◆ TASK GOAL
Please return each record below exactly, with nothing left out.
___ DATA SHOWN
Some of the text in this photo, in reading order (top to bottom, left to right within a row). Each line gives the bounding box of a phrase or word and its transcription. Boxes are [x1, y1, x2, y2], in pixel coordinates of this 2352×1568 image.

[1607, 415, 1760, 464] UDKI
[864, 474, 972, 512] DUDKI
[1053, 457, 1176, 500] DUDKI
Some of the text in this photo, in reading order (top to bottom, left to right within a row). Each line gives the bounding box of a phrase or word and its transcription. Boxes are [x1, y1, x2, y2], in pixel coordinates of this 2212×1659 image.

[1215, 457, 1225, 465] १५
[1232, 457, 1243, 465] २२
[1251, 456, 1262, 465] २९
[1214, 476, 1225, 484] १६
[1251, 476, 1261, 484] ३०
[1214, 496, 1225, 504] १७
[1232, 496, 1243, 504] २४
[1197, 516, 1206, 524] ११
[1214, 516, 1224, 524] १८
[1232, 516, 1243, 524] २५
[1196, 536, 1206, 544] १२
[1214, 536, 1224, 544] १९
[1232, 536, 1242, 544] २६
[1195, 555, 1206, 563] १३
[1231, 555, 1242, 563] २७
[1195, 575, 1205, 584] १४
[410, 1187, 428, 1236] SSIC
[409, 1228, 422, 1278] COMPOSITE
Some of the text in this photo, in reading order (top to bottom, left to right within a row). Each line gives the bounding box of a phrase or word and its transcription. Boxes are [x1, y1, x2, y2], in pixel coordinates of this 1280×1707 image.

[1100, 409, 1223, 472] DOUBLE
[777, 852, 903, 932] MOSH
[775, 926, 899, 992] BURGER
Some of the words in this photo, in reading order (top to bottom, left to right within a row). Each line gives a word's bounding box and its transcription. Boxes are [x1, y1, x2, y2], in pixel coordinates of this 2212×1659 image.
______
◆ TASK OUTPUT
Some of the text in this photo, in reading order (top to bottom, left to right within a row). Each line gives the bounding box of a phrase or word and its transcription. Boxes are [x1, y1, x2, y2], in pixel coordinates of this 2352×1568 image.

[1607, 415, 1760, 464] UDKI
[864, 474, 972, 512] DUDKI
[1053, 457, 1176, 500] DUDKI
Some of the text in this photo, in reading order (top to bottom, left to right within a row). Each line gives the bounding box of a phrase or word and its transcription. Boxes are [x1, y1, x2, y2], in pixel coordinates of this 2212×1659 image.

[1215, 457, 1225, 465] १५
[1232, 457, 1243, 465] २२
[1251, 456, 1262, 465] २९
[1214, 476, 1225, 484] १६
[1251, 476, 1261, 484] ३०
[1214, 496, 1225, 504] १७
[1232, 496, 1243, 504] २४
[1197, 516, 1206, 524] ११
[1214, 516, 1224, 524] १८
[1232, 516, 1243, 524] २५
[1196, 536, 1206, 544] १२
[1214, 536, 1224, 544] १९
[1232, 536, 1242, 544] २६
[1195, 555, 1206, 563] १३
[1231, 555, 1242, 563] २७
[1195, 575, 1205, 584] १४
[410, 1187, 428, 1236] SSIC
[409, 1228, 422, 1278] COMPOSITE
Some of the text in this photo, in reading order (top to bottom, left to right within a row). Each line gives the bounding box of a phrase or word and its transcription. Boxes are [x1, y1, x2, y2], in pixel coordinates of this 1280×1707 image.

[1100, 409, 1223, 472] DOUBLE
[777, 852, 903, 932] MOSH
[775, 926, 899, 992] BURGER
Some of the words in this photo, in reading order (top to bottom, left to right within a row). Each line gives a word's bounding box and its transcription. Boxes are [x1, y1, x2, y2], in pixel coordinates of this 2212×1659 image.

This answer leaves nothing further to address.